Non-carbohydrate Galectin-1 inhibitors as promising anticancer agents: Design strategies, structure activity relationship and mechanistic insights

Abstract

Galectin-1 (gal-1) emerges as a potential biomarker for cancer diagnosis, prognosis, and therapy. Gal-1 plays a pivotal role in multiple stages of tumor progression, encompassing tumor transformation, tumor cell adhesion and migration, angiogenesis, and evasion of immune responses. Despite efforts to develop carbohydrate-based gal-1 inhibitors targeting the carbohydrate recognition domain, challenges still persist such as limited selectivity due to high water solubility, poor pharmacokinetics, and expensive synthetic routes that limit their effectiveness against overexpressed gal-1 in cancer cells.

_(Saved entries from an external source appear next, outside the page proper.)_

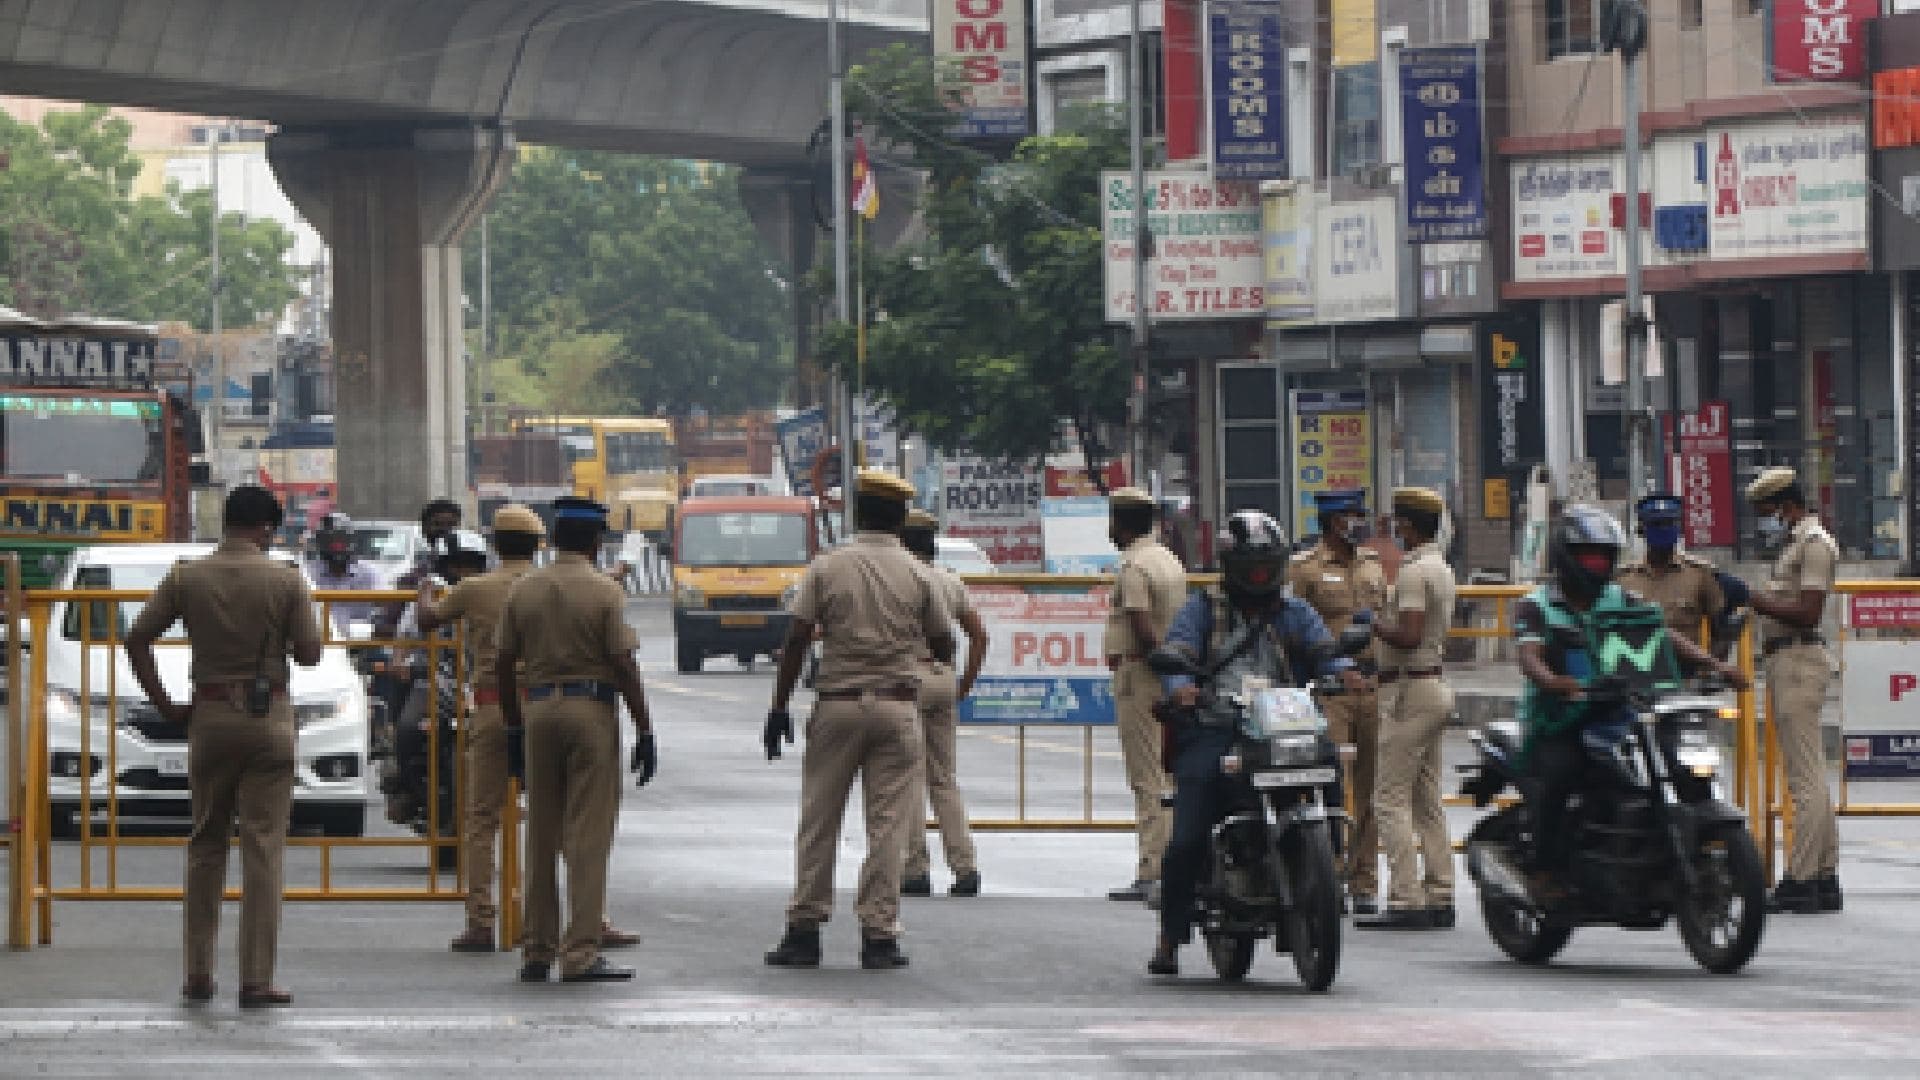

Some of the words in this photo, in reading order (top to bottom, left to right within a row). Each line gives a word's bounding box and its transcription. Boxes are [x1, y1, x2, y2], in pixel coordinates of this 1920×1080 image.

[1228, 31, 1268, 137] ROOMS
[1189, 183, 1212, 209] to
[1184, 286, 1264, 313] TILES
[945, 482, 1041, 511] ROOMS
[1686, 453, 1715, 546] ROOMS
[1012, 631, 1106, 668] POL

Therefore, next generation anticancer agents targeting gal-1 with improved pharmacokinetics and target selectivity may overcome current challenges. Various synthetic strategies have been explored, including substituting the carbohydrate nucleus with bioactive heterocycles in small molecules, employing sugar mimetics, or investigating alternative allosteric inhibition with peptides and peptidomimetics. This review describes gal-1 multifaceted roles in tumor biology, rationalized approaches, design strategies for non-carbohydrate gal-1 inhibitors, and provides insights into structure-activity relationship and gal-1 inhibitory mechanisms.